Well, I mean, in fact, I should have mentioned that Patrick Tyler, who wrote the original story, based on the DIA memorandum later on, recognized that he'd been taken.
I mean, he'd been deceived.
And he wrote another book later on, in which he did talk about the fact that that DIA memo was, was a falsehood.
And that, in fact, the people who wrote it were, had a self interest in casting a blame on Iran, along with Iraq, for the Halabja use of chemical weapons.
And so, And you do include that quote in the book?
I do.
That's right.
Just so people know, of the Washington Post reporter saying it turns out that wasn't really right.
Yeah, he's disowned his own story, saying that he was really taken in.
Okay, but so the importance of this reason we're getting all into this isn't because we're just trying to, you know, remind everybody what a bad guy Saddam was.
The point is, this was a major, you know, so called data point, or whatever I think is how you would put it, as a fake piece of evidence of just what the Iranians were up to in their intent and their capability.
Right.
And I'll just add very quickly, so people know that there's another major data point, which is also a falsehood.
And that is that a lot of sources, journalistic and otherwise published sources have suggested that, that Iran's representative to the chemical weapons convention, later on after the war, admitted that they had in fact produced chemical weapons.
Well, in fact, if you read the statement, it's very clear, he says the opposite.
He says, we did not produce chemical weapons.
He said, we tried to have a deterrent by having the capability by announcing that we had the capability to produce chemical weapons, but we didn't do it.
And instead of reporting that accurately, what has happened is that it's gone into the literature again, that Iran admitted having produced chemical weapons.
So, I mean, it's just an astonishing falsification of history.
When you trace that to a dissident group, right, that had been banished by the Ayatollah.
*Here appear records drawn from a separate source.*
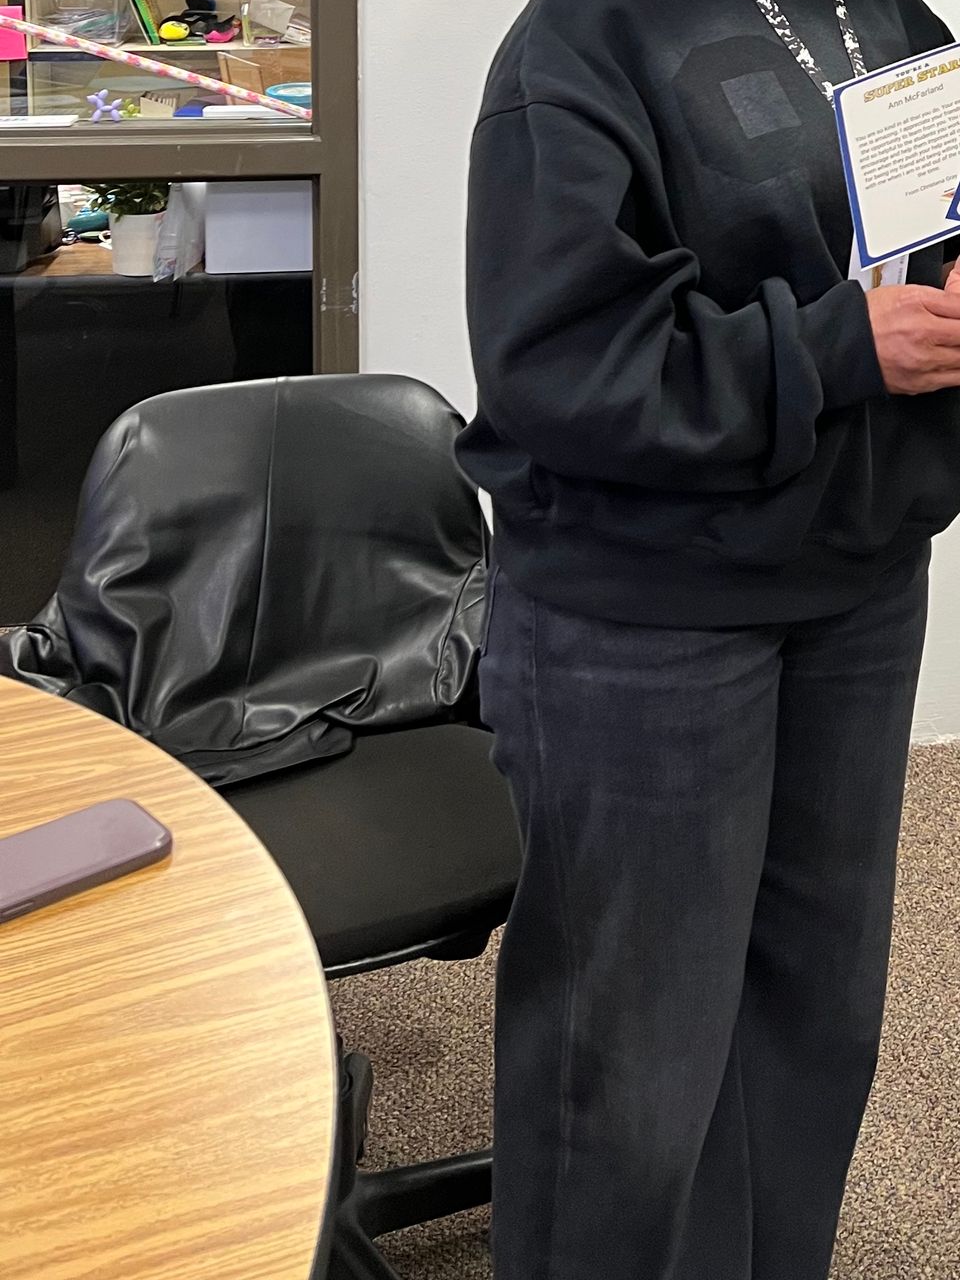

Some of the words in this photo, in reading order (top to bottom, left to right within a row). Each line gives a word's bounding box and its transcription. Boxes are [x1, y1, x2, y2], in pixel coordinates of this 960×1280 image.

[864, 77, 914, 102] SUPER
[888, 100, 903, 109] Ann
[905, 84, 943, 103] McFarland
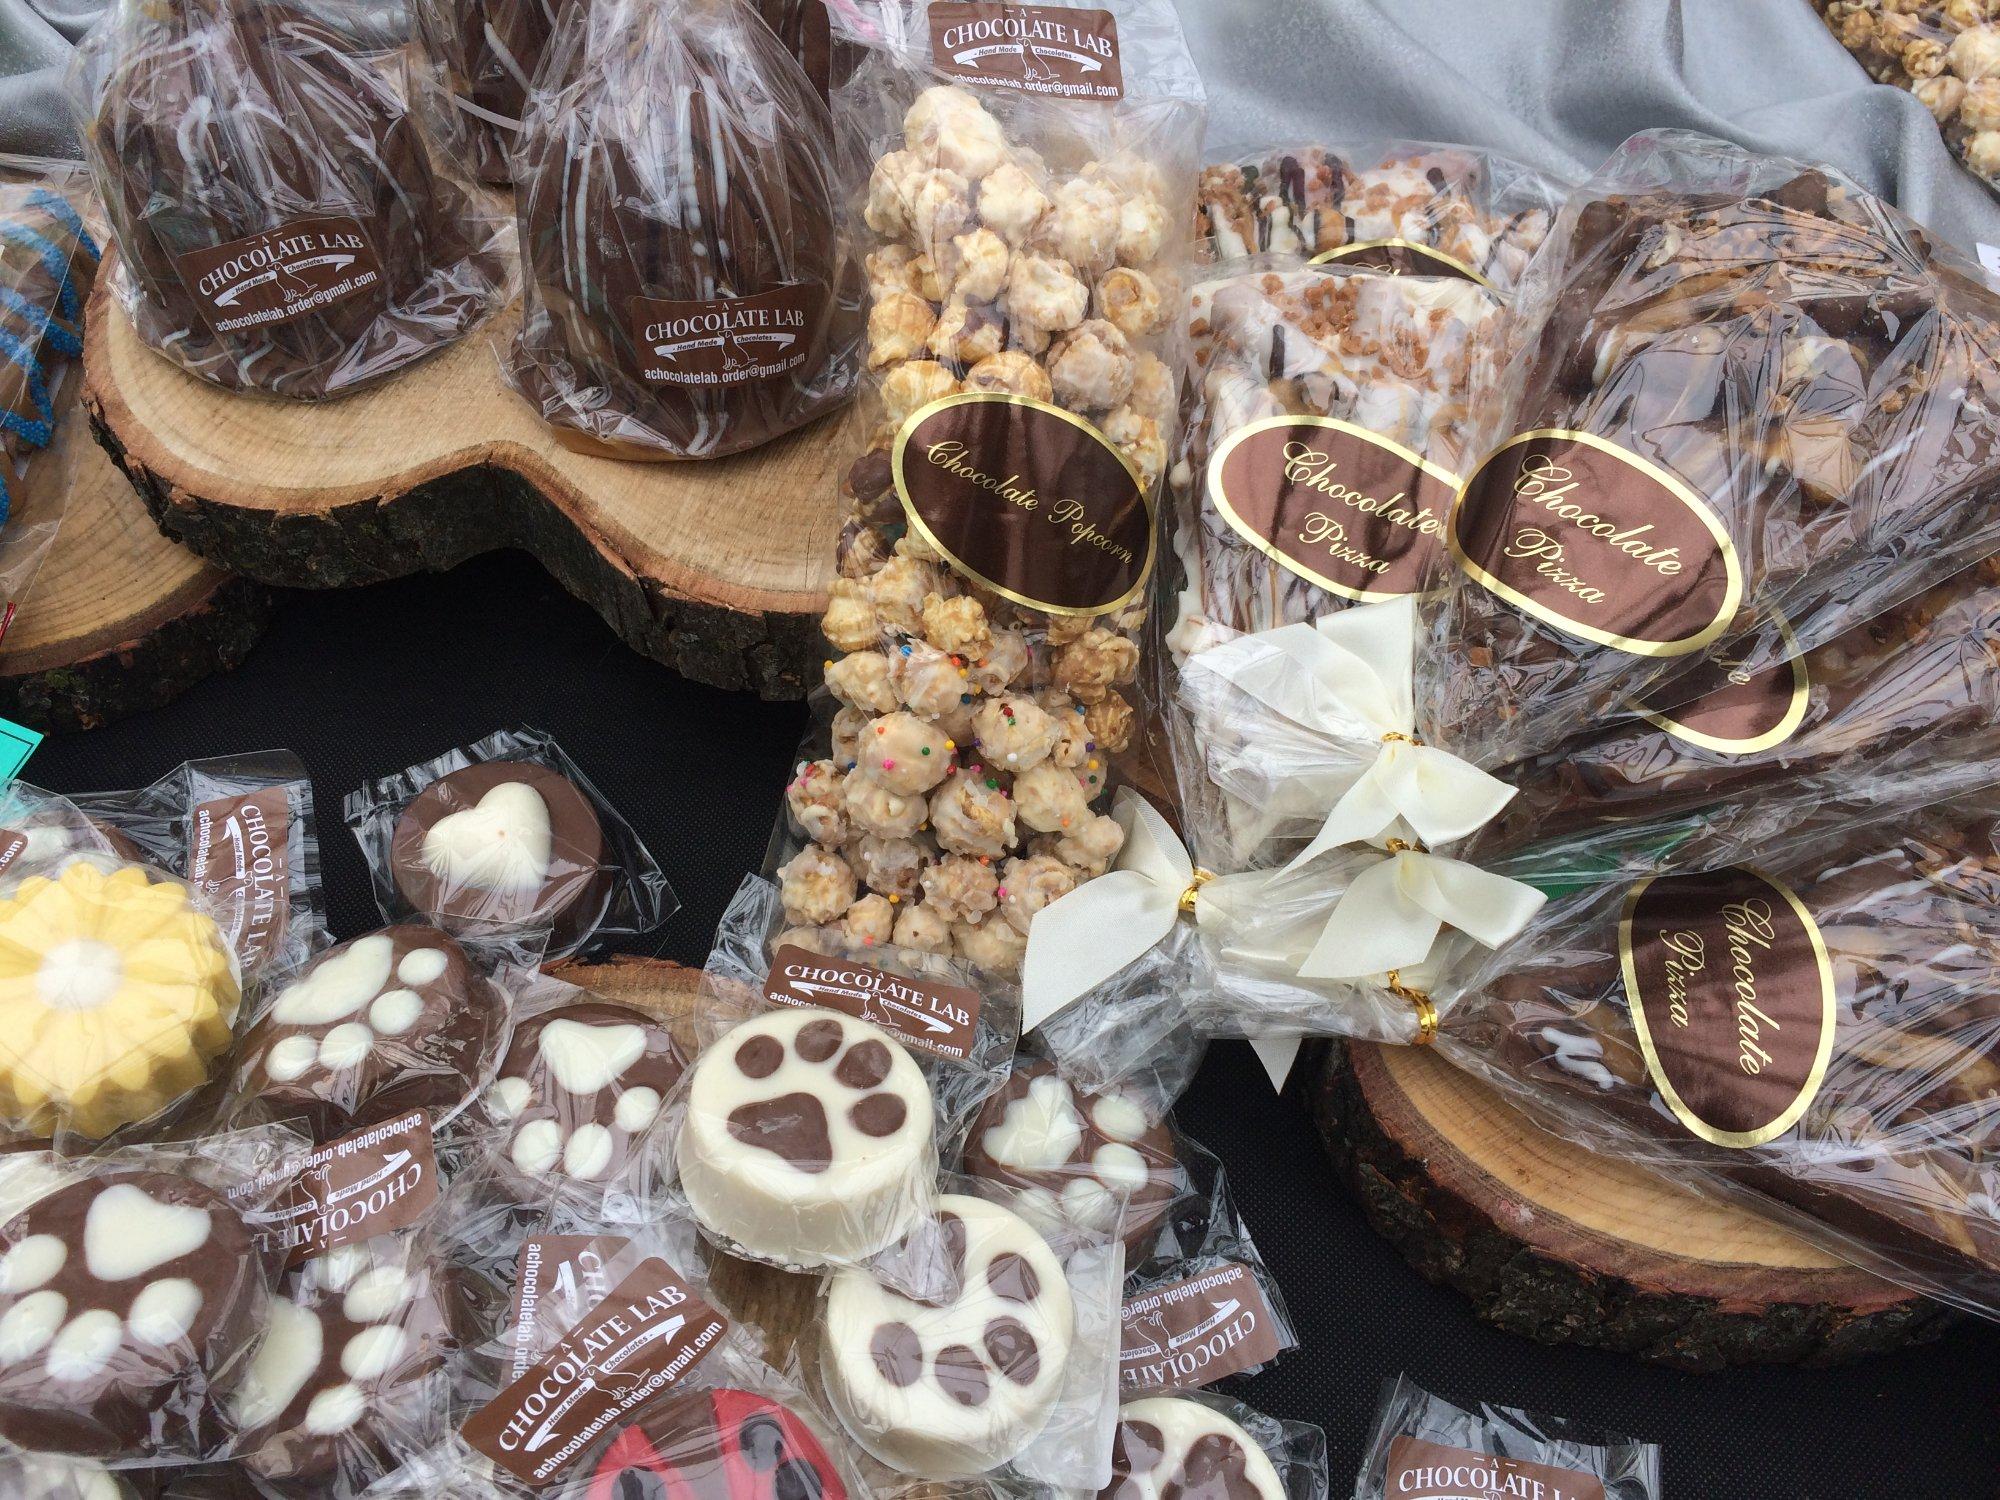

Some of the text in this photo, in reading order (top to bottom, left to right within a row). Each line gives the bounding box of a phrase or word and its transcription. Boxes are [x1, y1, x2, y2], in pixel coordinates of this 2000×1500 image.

[943, 18, 1113, 58] CHOCOLATE LAB
[1019, 9, 1027, 17] A
[978, 45, 1072, 59] Hand Made Chocolates
[199, 234, 364, 296] CHOCOLATE LAB
[261, 236, 270, 244] A
[216, 270, 377, 332] achocolatelab.order@gmail.com
[235, 257, 324, 293] Hand Made Chocolates
[645, 309, 804, 342] CHOCOLATE LAB
[721, 302, 729, 310] A
[645, 352, 806, 384] achocolatelab.order@gmail.com
[677, 333, 772, 351] Hand Made Chocolates
[927, 440, 1132, 564] Chocolate Popcorn
[1283, 441, 1439, 534] Chocolate
[1514, 454, 1682, 575] Chocolate
[1299, 512, 1390, 574] Pizza
[1504, 528, 1605, 604] Pizza
[234, 837, 243, 853] Hand
[241, 805, 275, 926] CHOCOLATE
[276, 874, 285, 882] A
[784, 964, 970, 1026] CHOCOLATE LAB
[818, 985, 922, 1018] Hand Made Chocolates
[1660, 929, 1706, 1028] Pizza
[1716, 898, 1781, 1075] Chocolate
[278, 1163, 422, 1250] CHOCOLATE
[335, 1186, 359, 1200] Made
[361, 1172, 383, 1189] Hand
[512, 1243, 543, 1383] achocolatelab.orde
[1120, 1317, 1216, 1359] Hand Made Chocolate
[498, 1285, 687, 1451] CHOCOLATE LAB
[560, 1342, 572, 1353] A
[1124, 1310, 1255, 1384] CHOCOLATE
[532, 1321, 722, 1479] achocolatelab.order@gmail.com
[548, 1335, 649, 1427] Hand Made Chocolates
[1490, 1458, 1500, 1469] A
In that case, no, that was a different one.
That was a different bit of disinformation.
Well, there's a few, it's hard to keep track for the latest.
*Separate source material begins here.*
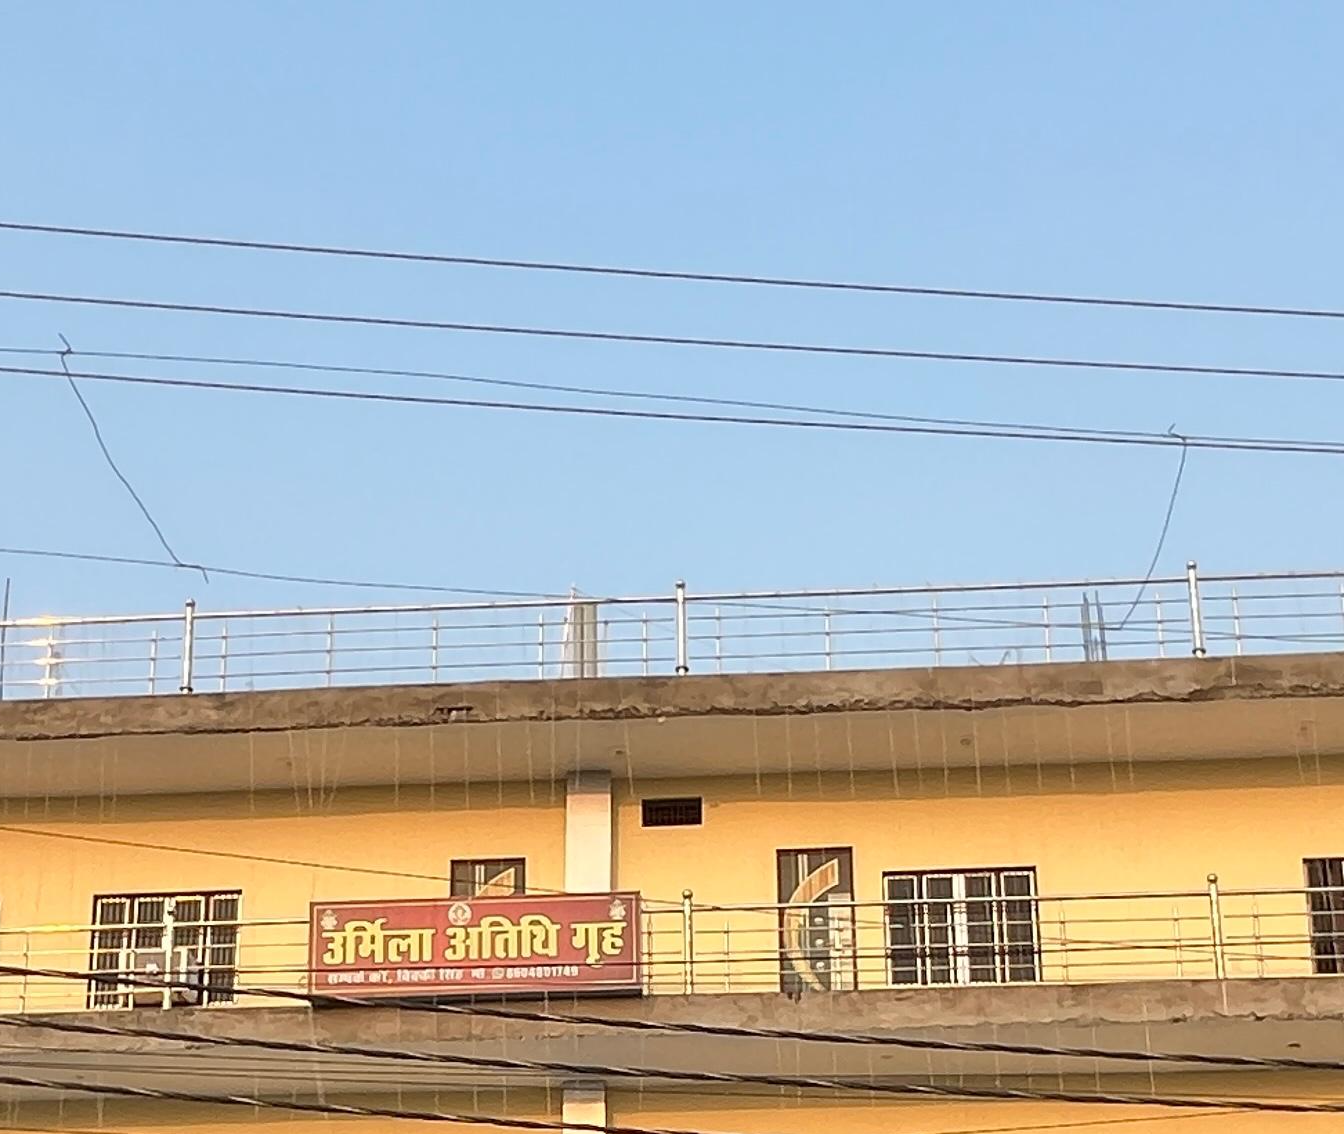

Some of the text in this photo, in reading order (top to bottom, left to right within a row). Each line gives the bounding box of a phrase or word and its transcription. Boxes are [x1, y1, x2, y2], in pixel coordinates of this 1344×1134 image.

[321, 914, 627, 969] उर्मिला अतिथि गृह
But this specific piece of disinformation, I believe actually may have been primarily caused by an Israeli journalistic report on the speech made by the Iranian official to the chemical weapons convention.
And I think it was picked up by other sources who didn't carefully check what actually was said.
And as a result, I think we've just had this snowballing effect of everybody jumping on board and saying, yeah, well, this is what happened.
And most recently, of course, the Washington Post fact checker fell for that one.
And I caught him at it and I corrected it.
And he actually admitted to his credit that, yes, he'd been wrong about that.
All right.
And now in 45 seconds, can you just tell us about, I mean, you say that there was a fatwa by the old Ayatollah from the revolution, Khomeini, but that it was secret, that they had it inside the government, but they didn't publicize it to the world.
Why not?
That's correct.
They had a fatwa against chemical weapons.
The Ayatollah Khomeini basically forbade the production or use of chemical weapons.
And that was dispositive of the Iranian policy during the war.
They were never able to produce them or use them.
But, you know, they did not want to publicize this because they were still hoping to have some kind of deterrent effect by talking about having the capability.
Gotcha.
All right.
Well, now, hold it right there.
We got to take this break.
Always interrupting.
Gareth Porter, he's the author of the new book, Manufactured Crisis, the untold story of the Iran nuclear scare.
And man, is it good.
You ought to go and buy it and read it.
And we'll be right back after this.
Hey, I'll sky here.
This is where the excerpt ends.